What are the most serious real risks to the individual? It seems to me that currently in the U.S., the worst immediate threats to the most individuals is injury from risks that we take voluntarily or semi-voluntarily, random crime, personal illness and/or poverty each possibly largely brought on by personal choices.
Jeez, Russ, you’re starting to sound like a conservative.
Of course, there is always getting trampled in federal aid line.
The economic tsunami washing over metro Detroit swept its casualties to the doors of Cobo Center on Wednesday in the form of 35,000 people so desperate for help with mortgage and utility bills that threats were made, fights broke out and people were nearly trampled.
Some were treated by emergency medical workers on site.
It was one of the most dramatic signs to date of how deeply joblessness and the home foreclosure crisis have pushed people from the lower and middle ends of the economic scale to seek help wherever they can.
City officials said a total of about 65,000 people over the past few days have gotten applications — due next Wednesday — for a share of $15.2 million in federal stimulus money to help people avoid foreclosure or quickly rebound from homelessness.

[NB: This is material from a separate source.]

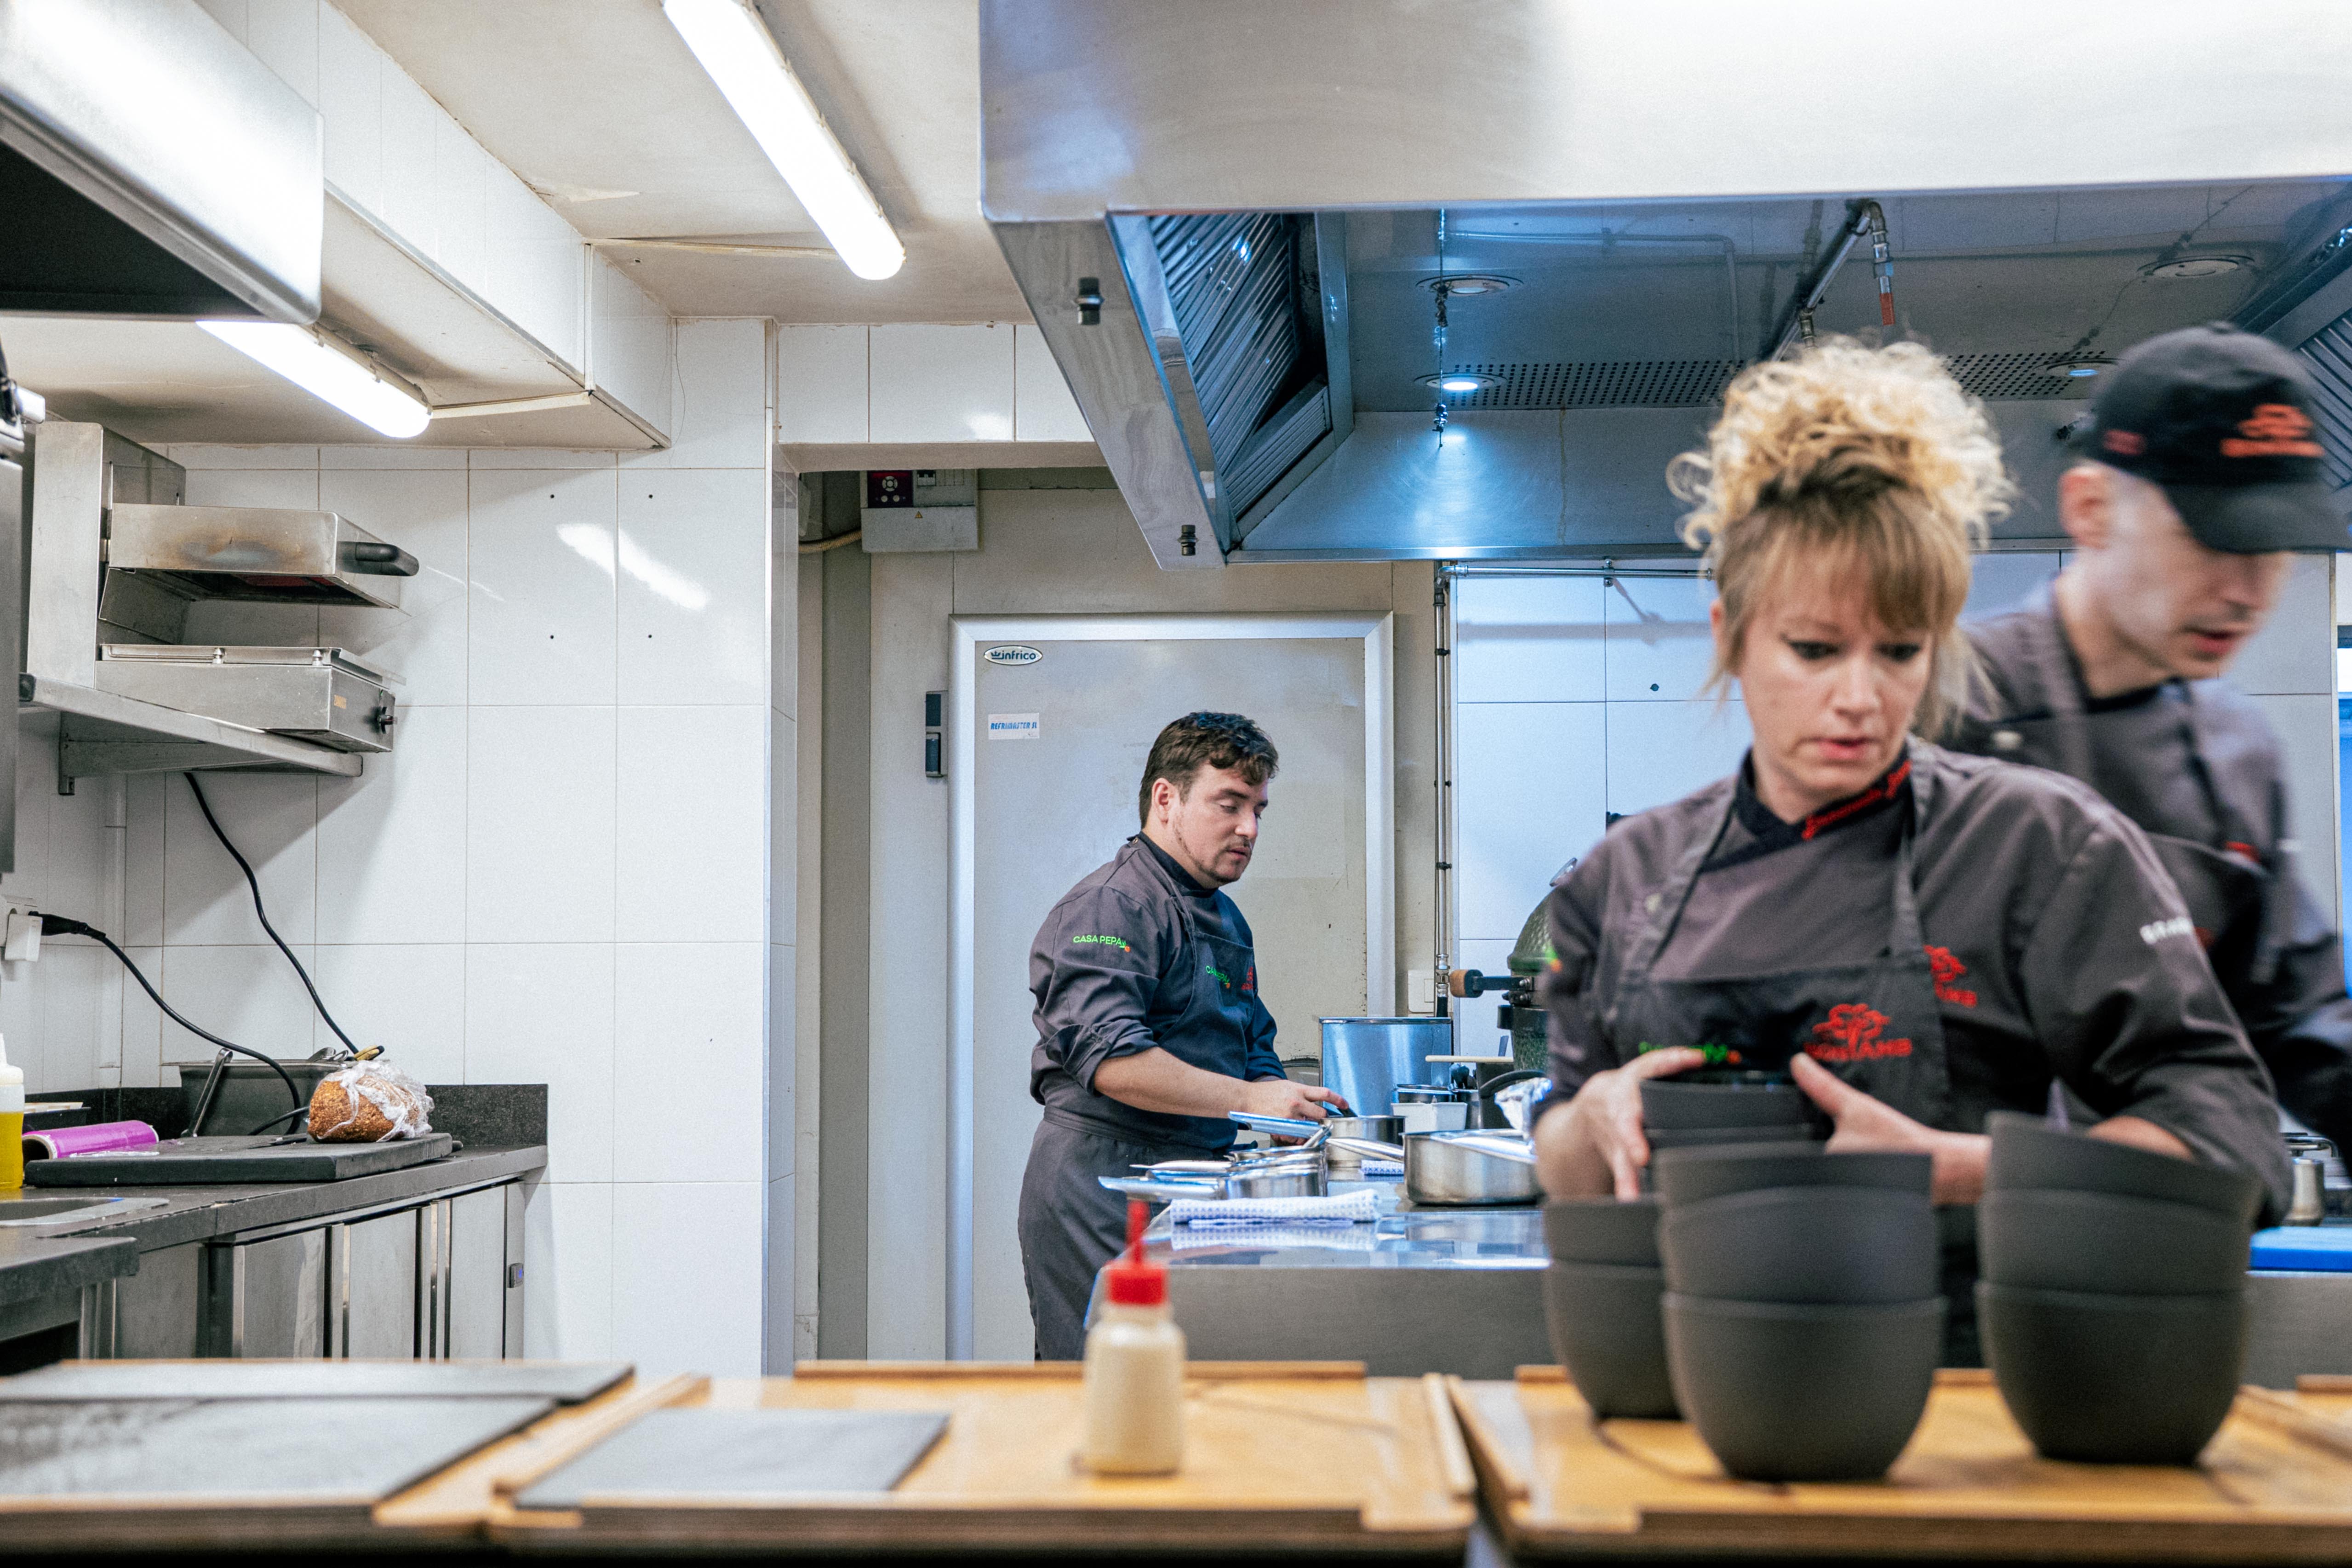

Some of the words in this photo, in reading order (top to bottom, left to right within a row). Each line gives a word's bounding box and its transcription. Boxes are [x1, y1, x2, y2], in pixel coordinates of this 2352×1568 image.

[1001, 650, 1036, 660] infrico
[1073, 934, 1099, 944] CASA
[1099, 935, 1122, 945] PEPA

Ultimately, as few as 3,500 people may receive the help.
Unemployment is the bubbling cauldron of problems which stems from other structural problems, magnified by ideological and cultural issues.
Saying that unemployment stems from personal choices will only work as long as unemployment stays under a certain level and the aggregate conscience of the unemployed internalizes their unemployment as their fault.
At some point, as it rises, the unemployed with decide it is somebody else’s fault and that is when problems start.